HAMILTON, Mont. -

Taxes are going up in Ravalli County. They will go to pay Big Sky Development Group $675,000 in an agreement settlement with the county earlier this month.

The increase stems from a road dispute with a prior board over a subdivision planned east of Florence.

Citing safety and costs of increasing growth from subdivisions, the board said 8 Mile Road near Florence needed widening and upgrading to accommodate excess traffic from planned subdivisions. That was in 2008.

Developers offered to do some of the road repairs in a compromise, which didn't suit the majority of the board. Developers asked for a  variance, but the majority of the then commission, rejected it. The developer sued and won.

A judge ruled the denial was "arbitrary and capricious."

On Tuesday, the current board passed a motion on a 3-2 vote to levy Ravalli County citizens for 3 years to pay for the judgment.

The hike will leave a $200,000 homeowner with a $7.27 bill every year for the next 3 years. A $100,000 homeowner will pay $3.64.

It puts the Republican commission, never comfortable with the idea of raising taxes, in an uncomfortable position. An alternative was to pay the settlement out of reserve funds.

The majority said yes to the tax, saying it keeps the reserve fund healthy, and avoids possible cuts in services.

Commissioner Suzy Foss said she would have liked to have said 'no' to the tax. But dipping into the reserve fund that has taken years to build, said Foss, would put the county and citizens at risk.

"Our job is to run this as a business," she said.

The county has $834,000 in reserves. The board said if it were to pay the settlement out of that, the reserve fund would sink to $159,000.

"We would reduce days we could operate Ravalli County without revenue from 59 days to 11 days," said Commissioner Greg Chilcott.

The county owes $250,000 to Big Sky in June, and another $250,000 in August, with lesser payments later.

Tax revenue comes into the county twice a year.

Chilcott said every year the county has a cash flow shortage. He said one option would be to cut services.

80 percent of the county budget is in wages, salaries and benefits. Without the tax, he said, employees could bear the brunt.

"This would just further contribute to them not receiving any compensatory raise," said Chilcott.

Commissioner Ron Stoltz said 'no' to the tax increase.

Commissioner Jeff Burrows said dipping into reserves would be a "bitter pill." But he still said no to the tax.

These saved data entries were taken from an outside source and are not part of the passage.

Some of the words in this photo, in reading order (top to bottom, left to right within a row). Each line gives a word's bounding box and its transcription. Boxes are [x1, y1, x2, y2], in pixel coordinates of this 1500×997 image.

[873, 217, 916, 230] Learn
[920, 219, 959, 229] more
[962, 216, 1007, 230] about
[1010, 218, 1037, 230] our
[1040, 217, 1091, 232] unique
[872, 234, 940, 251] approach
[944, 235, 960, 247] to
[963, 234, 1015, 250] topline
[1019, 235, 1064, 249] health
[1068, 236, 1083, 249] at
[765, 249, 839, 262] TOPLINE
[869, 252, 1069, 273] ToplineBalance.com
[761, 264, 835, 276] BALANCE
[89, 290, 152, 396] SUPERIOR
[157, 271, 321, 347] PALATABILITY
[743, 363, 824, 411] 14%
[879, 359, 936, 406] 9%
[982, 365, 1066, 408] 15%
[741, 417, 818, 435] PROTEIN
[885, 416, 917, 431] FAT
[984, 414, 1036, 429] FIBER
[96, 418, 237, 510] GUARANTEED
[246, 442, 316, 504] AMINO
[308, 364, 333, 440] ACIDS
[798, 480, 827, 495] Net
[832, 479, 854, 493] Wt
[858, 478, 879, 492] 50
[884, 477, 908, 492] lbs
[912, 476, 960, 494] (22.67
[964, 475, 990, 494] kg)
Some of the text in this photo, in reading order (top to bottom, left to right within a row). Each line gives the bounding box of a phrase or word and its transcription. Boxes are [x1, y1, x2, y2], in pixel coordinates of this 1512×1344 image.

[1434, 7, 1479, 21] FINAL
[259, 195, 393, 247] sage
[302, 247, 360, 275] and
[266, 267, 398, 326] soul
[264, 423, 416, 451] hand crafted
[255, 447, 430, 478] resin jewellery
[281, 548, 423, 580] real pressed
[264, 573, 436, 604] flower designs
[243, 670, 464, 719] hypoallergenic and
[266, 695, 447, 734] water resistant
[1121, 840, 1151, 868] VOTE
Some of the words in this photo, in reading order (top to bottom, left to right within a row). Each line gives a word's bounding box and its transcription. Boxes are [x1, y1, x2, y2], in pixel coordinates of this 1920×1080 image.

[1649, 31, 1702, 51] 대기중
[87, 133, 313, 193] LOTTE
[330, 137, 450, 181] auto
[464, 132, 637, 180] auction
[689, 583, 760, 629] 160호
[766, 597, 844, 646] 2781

"In this economic climate," he said, citizens have been "nickeled and dimed by taxes."

Commissioners Suzy Foss, J.R. Iman and Greg Chilcott said they inherited the bill from past commissioners who ignored the law. Chilcott was in office at the time, and supported the variance.

Former Commissioner Kathleen Driscoll voted against it when she was on the board.

She said this tax increase is "the ripple effect" of state laws that don't protect citizens from the impacts of development because the state legislature is pro-development."